Hypertension occurred in 19% of 1,476 patients with B-cell malignancies who received IMBRUVICA® in clinical trials. Grade 3 or greater hypertension occurred in 8% of patients. Based on data from a subset of these patients (N=1,124), the median time to onset was 5.9 months (range, 0 to 24 months). In a long-term safety analysis over 5 years of 1,284 patients with B-cell malignancies treated for a median of 36 months (range, 0 to 98 months), the cumulative rate of hypertension increased over time. The prevalence for Grade 3 or greater hypertension was 4% (year 0-1), 7% (year 1-2), 9% (year 2-3), 9% (year 3-4), and 9% (year 4-5); the overall incidence for the 5-year period was 11%.
Monitor blood pressure in patients treated with IMBRUVICA®, initiate or adjust anti-hypertensive medication throughout treatment with IMBRUVICA® as appropriate, and follow dosage modification guidelines for Grade 3 or higher hypertension.
In 645 patients with B-cell malignancies who received IMBRUVICA® as a single agent, grade 3 or 4 neutropenia occurred in 23% of patients, grade 3 or 4 thrombocytopenia in 8% and grade 3 or 4 anemia in 2.8%, based on laboratory measurements. Monitor complete blood counts monthly.

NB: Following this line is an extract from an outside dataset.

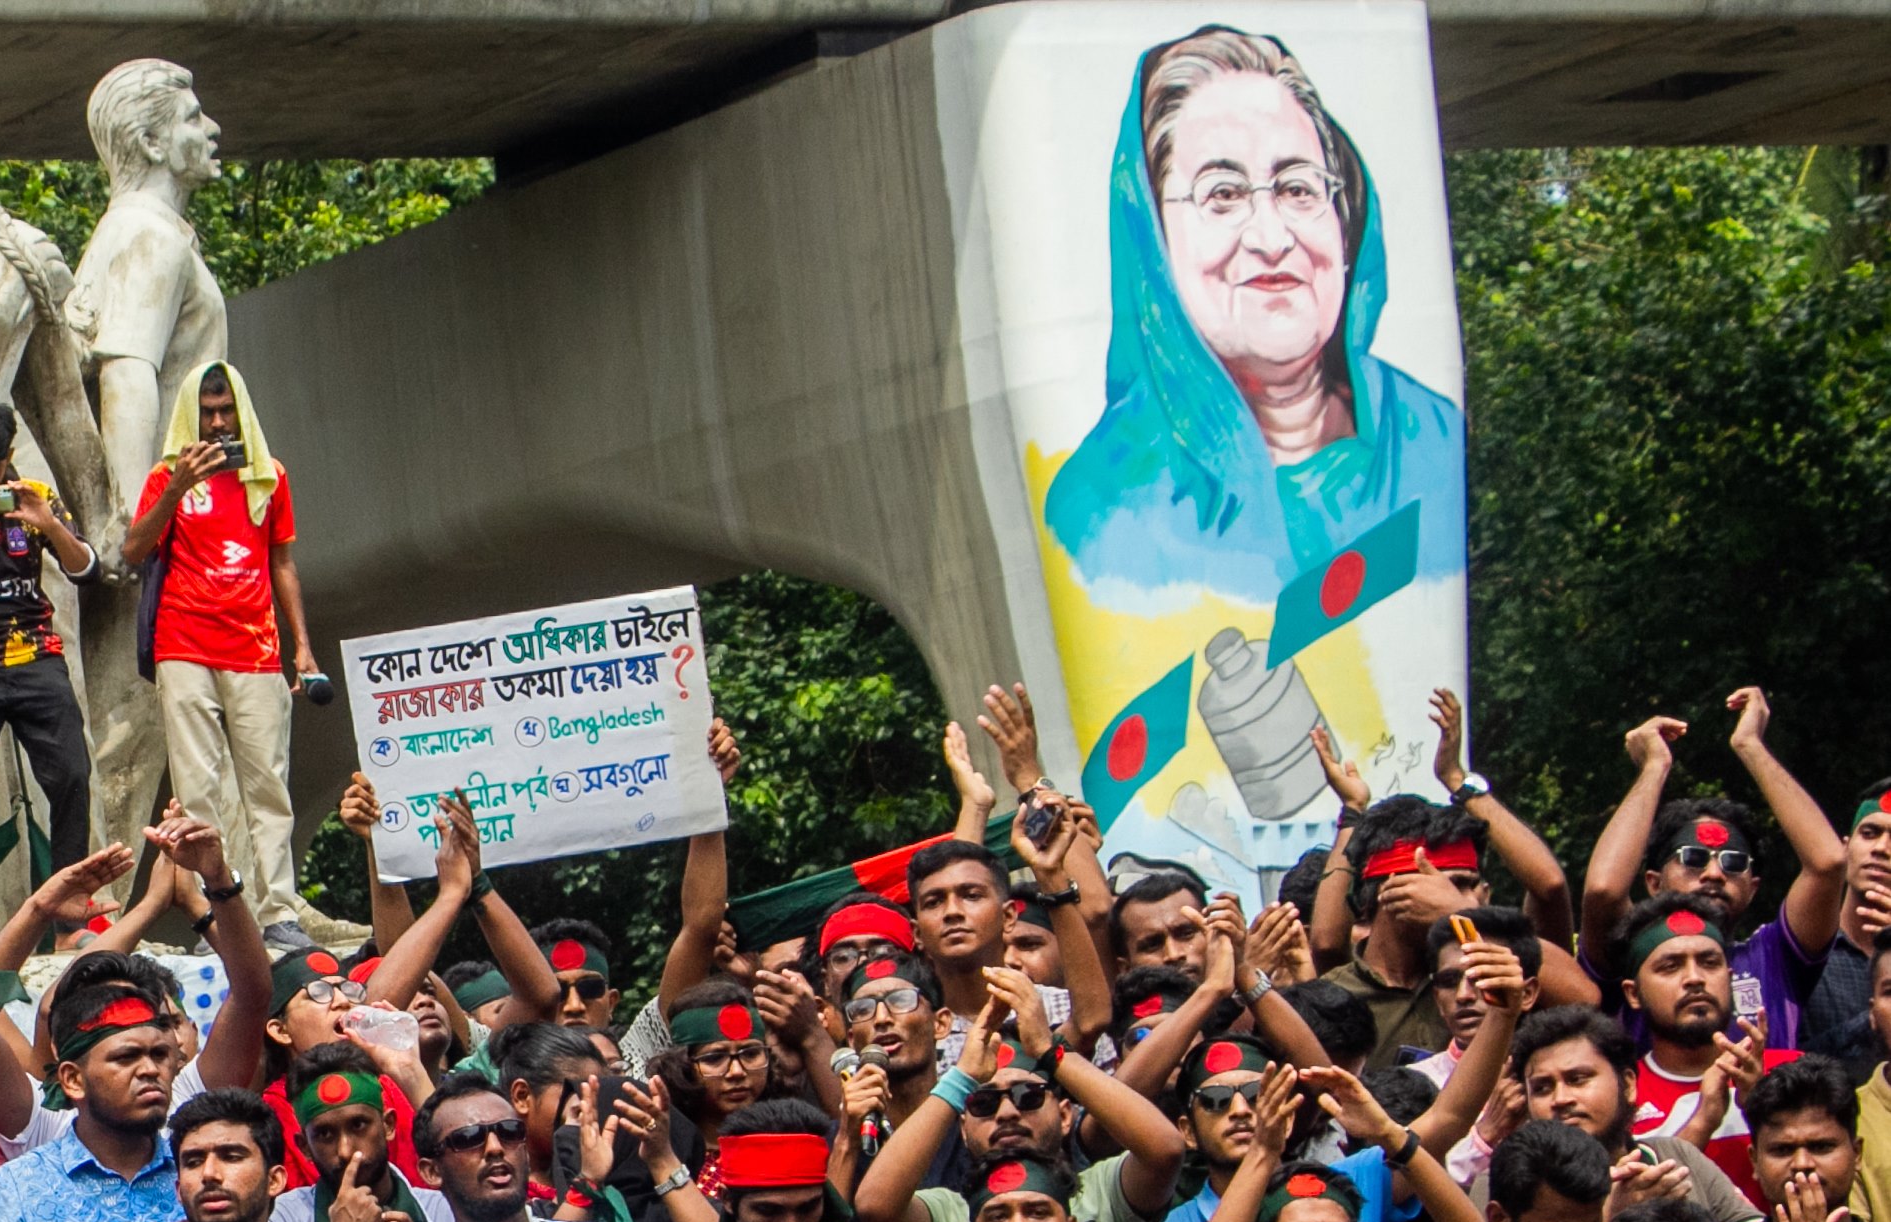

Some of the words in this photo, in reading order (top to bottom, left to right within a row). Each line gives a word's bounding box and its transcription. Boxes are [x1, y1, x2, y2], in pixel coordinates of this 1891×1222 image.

Second Primary Malignancies
Other malignancies (10%), including non-skin carcinomas (3.9%), occurred among the 1,476 patients with B-cell malignancies who received IMBRUVICA® in clinical trials. The most frequent second primary malignancy was non-melanoma skin cancer (6%).
Tumor Lysis Syndrome
Tumor lysis syndrome has been infrequently reported with IMBRUVICA®. Assess the baseline risk (e.g., high tumor burden) and take appropriate precautions. Monitor patients closely and treat as appropriate.
Based on findings in animals, IMBRUVICA® can cause fetal harm when administered to a pregnant woman. Administration of ibrutinib to pregnant rats and rabbits during the period of organogenesis caused embryo-fetal toxicity including malformations at exposures that were 3-20 times higher than those reported in patients with hematologic malignancies. Advise pregnant women of the potential risk to a fetus. Advise females of reproductive potential to use effective contraception during treatment with IMBRUVICA® and for 1 month after the last dose.
Reference: 1. IMBRUVICA® (ibrutinib) Prescribing Information.